So yeah, you're someone I, I know I wanted to have on the show for a long time and I know that Johnny and Tim have too, so.
Yeah, yeah, definitely.
It's really good to be here. Thanks so much.
Cool. So, I'm sorry, Johnny, to interrupt.
So you're 24.
Correct.
Which a lot younger than us or a lot younger than me. So can you tell us how by 24 you're already such an impressive professional filmmaker?
You should have seen what I was doing at the age of three.
Yeah. How does TJ become tj?
Well, there's. There's two sides to this. There's the filmmaker side and then there's the pencil side, because the filmmaker side obviously came first and then the pencils were kind of the start of this year. So what should you want to hear?
The film side first.
The film side. So I went to film school. I did TV and film at the University of Chester, which is here in England. That's why I moved to England. I did my three years there. I'd worked on a couple of bits and pieces back home in Northern Ireland, a feature film called Killing Bono. I'd done a few bits and pieces, came over, did my university time, got my degree, got a first in TV and film for all that worth, and then kind of finished well, was finishing my degrees in the last year of it. And I thought, what is everybody doing now in terms of jobs and things like that in filmmaking? What is everyone up to? And I looked at what everyone was doing and I thought that looks a bit boring. And so decided I would just start a company because 22 year old does so decided I would start a company out of just before I finished university, did that and then pitched, went through several rounds of pitching and basically got £10,000 investment for my company.
Nice.
So that was two years ago and I've been running exposivo since Wood and graphite is now the sort of creative content, the original content arm of that. But I do a lot of corporate work for charities and businesses and sports teams and all that kind of stuff here in England. But my real focus and my real passion is the original content. And at the minute that's pencils and it will always be pencils because I have a real passion for it and I think I kind of just fell into it and it really clicked. So doing the original content, putting out things that are really interesting, that there's an audience for, that people like watching that I like making was always a goal of the Company, right from the very, very first pitch was find a niche, find something I love doing, find something people love watching, and then make it. Because obviously the whole paradigm that exists now with TV is totally flipped on its head. You don't have to go to BBC, you don't have to go to sky or whatever to see TV programs, because it's all on the Internet. You can see whatever you want. So that was kind of the filmmaking journey, the genesis, if you will. And then more recently, in February of this year, I think it was, I write a journal every day I've done for, like, three years or so. And I'd written it in pen for a long, long time. And I was reading about the archive ability of notebooks, basically, to try and find out how long these would last.
Because.
Because I kind of want them for, you know, I want my kids to be able to read them someday just to see how, like, how much I did not know what was happening when I was their age and how it's totally normal to feel like that. So I started researching a bit and thought, oh, maybe pencils would be a better option, because obviously ink fades. Ink can be transferred off, and graphite is actually very chemically stable when it's on paper, so unless you actually physically erase it, it doesn't go anywhere. So it's a lot more archivable and it survives a lot better than ink. So I thought maybe look at pencils. And I obviously use pencils for a long, long time and kind of thought, oh, maybe there's more to this than just a Staedtler Norris. Maybe there's, you know, a deeper, deeper rabbit hole to go down here. And then, I mean, it kind of just went a bit nuts after that
when we put together our pencil rap. I think that more to this than a Statler Norris is definitely one of
the rhymes I started. Like, when you said rap in the notes, I was like, oh, no, I can't rap. So I started looking things up. So I've got a couple of rhymes that you can write down. Now. It's not a rap, but I have pencil rhymes with prehensile, as in fingers. There you go. Graphite felt just right.
Perfect.
And I'm a Cedar cheerleader, so you can have those for free.
Cheetah cheerleaders.
Those are beautiful. Yeah, yeah.
Thought I'd share them with the group so we can put those down for our inevitable music video in 2016.

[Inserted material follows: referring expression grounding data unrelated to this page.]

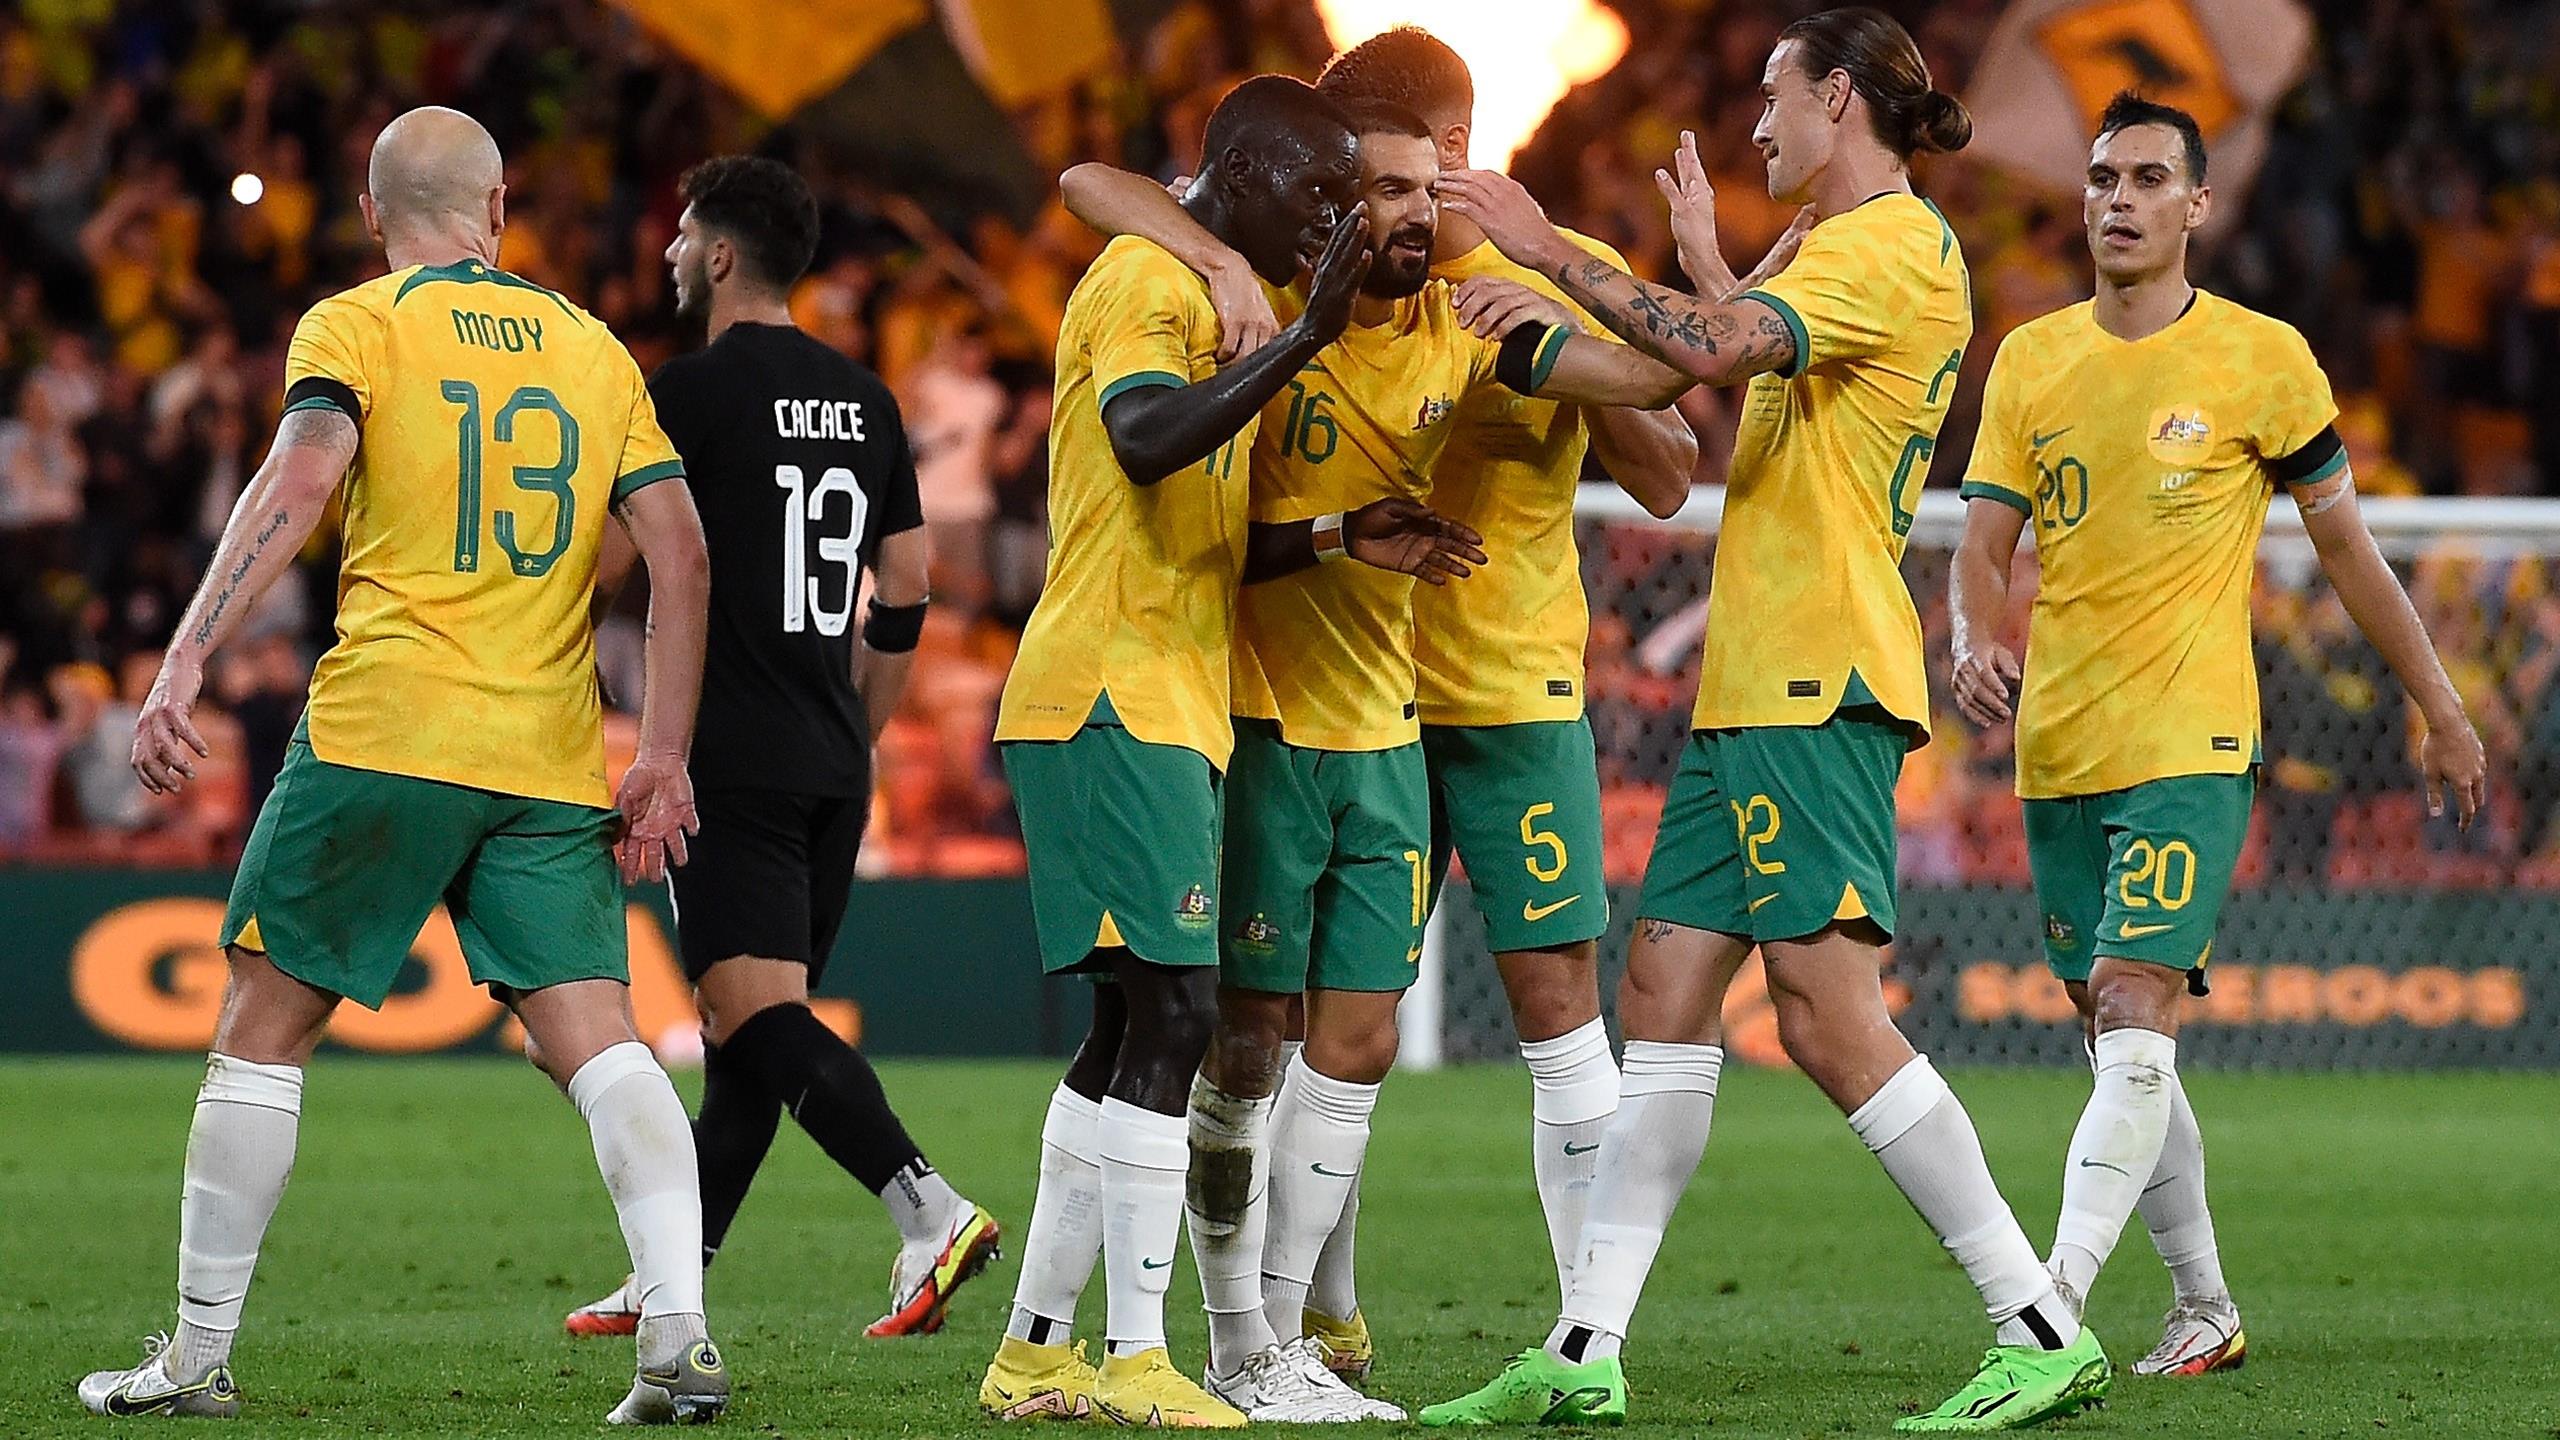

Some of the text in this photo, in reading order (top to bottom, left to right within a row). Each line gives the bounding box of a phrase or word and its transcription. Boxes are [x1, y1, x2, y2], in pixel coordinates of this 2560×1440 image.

[452, 309, 543, 352] MOOY
[774, 399, 866, 443] CACACE
[1280, 378, 1338, 465] 16
[441, 379, 580, 578] 13
[2034, 455, 2088, 529] 20
[775, 464, 869, 637] 13
[1520, 802, 1568, 882] 5
[2120, 838, 2195, 910] 20
[72, 897, 863, 1052] GO
[1957, 961, 2527, 1029] SOEROOS

Which you're going to film, I assume,
once we all get together naturally. Yeah. There's going to be drone shots, helicopter shots, skydiving. It's going to be nuts.
And also, of course, the totally essential documentation of us getting a tattoo.
Oh, yeah, Forehead tattoos, close ups of the shaving.
But no, it's one of the. It's quite weird. My descent in two pencils was so sudden and so all encompassing that if it wasn't so shocking, so mundane, I think my parents might have staged intervention. It was just.
Oh, boy. What happened? He regressed.
I kind of fell into it and then just kept falling and in the best possible way.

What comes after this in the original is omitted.